What a day £250bn flowing both ways across the Atlantic.
It is the biggest investment package of its kind in British history by a country mile.
Here is the No 10 news release about the investments. (The No 10 release talks about £150bn investment into the UK. Starmer seems to have produced a bigger figure by including UK investment into the US.) And here is the overnight Guardian story about this.

Key events
Starmer and Trump sign ‘tech prosperity deal’
At one point Trump seemed to be referencing a script, but now he is just rambling about what he says are his achievements.
He says the US is ahead of China on AI.
The US will be the UK’s best partner, he says.
He says the king of Saudi Arabia recently said that, under Trump, the US had become “the hottest country anywhere in the world”.
He says the US economy is thriving.
The border has been “totally closed”, he says.
And he claims inflation is “virtually non-existent”.
(Like much of what Trump says, that last claim is not true.)
Trump says he has slashed regulations, even more than in the past. There will still be some regulation, but it will be ‘“sane regulation” he says.

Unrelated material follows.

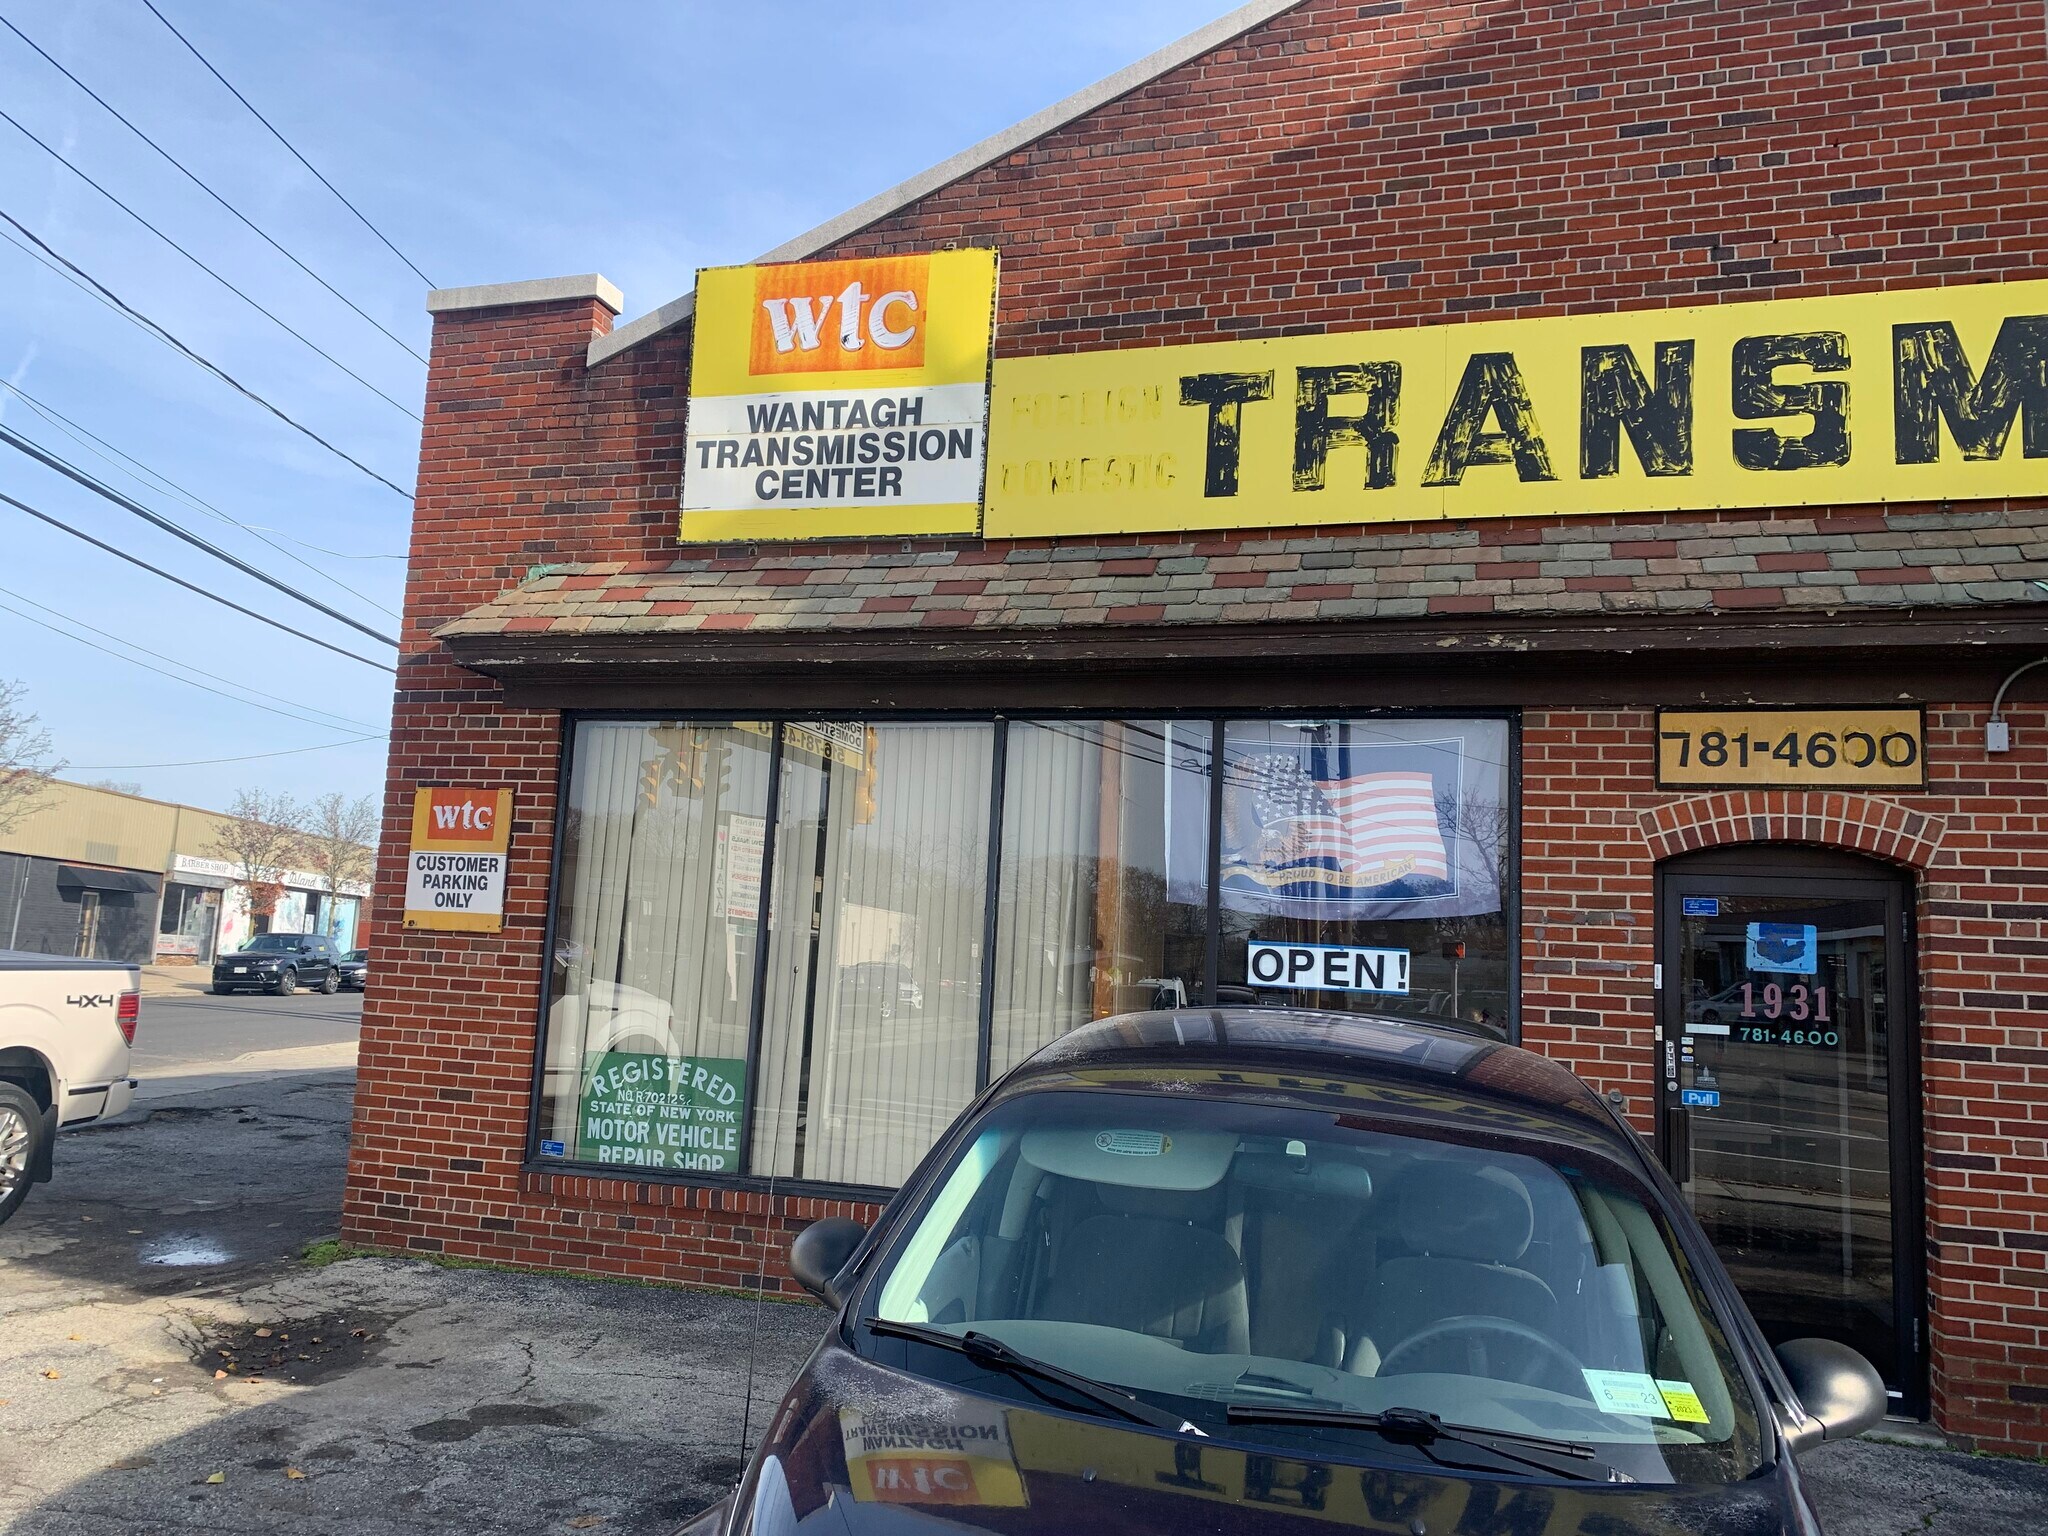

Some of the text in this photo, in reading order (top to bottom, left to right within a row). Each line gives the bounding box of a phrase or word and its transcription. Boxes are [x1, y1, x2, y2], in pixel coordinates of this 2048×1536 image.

And he claims no one has ever seen anything equivalent to his recent, tax-cutting so-called “Big, Beautiful Bill”.
(That is true, sort of. The bill has been described as “the most unpopular major legislation in decades”.)
After Trump finishes speaking, he and Starmer pose for a picture with signed copies of the “tech prosperity deal”.
Trump again pays tribute to the business leaders in the audience.
He says he wanted his first trade deal to be with the UK because “the bond is so strong and the relationship so long”.
It will create opportunities for farmers in the US worth billions, he says.
He says the UK has a world-class aerospace supply sector. A lot of people don’t undersand how important it is, he says.
Both countries are building up industrial capacity, he says.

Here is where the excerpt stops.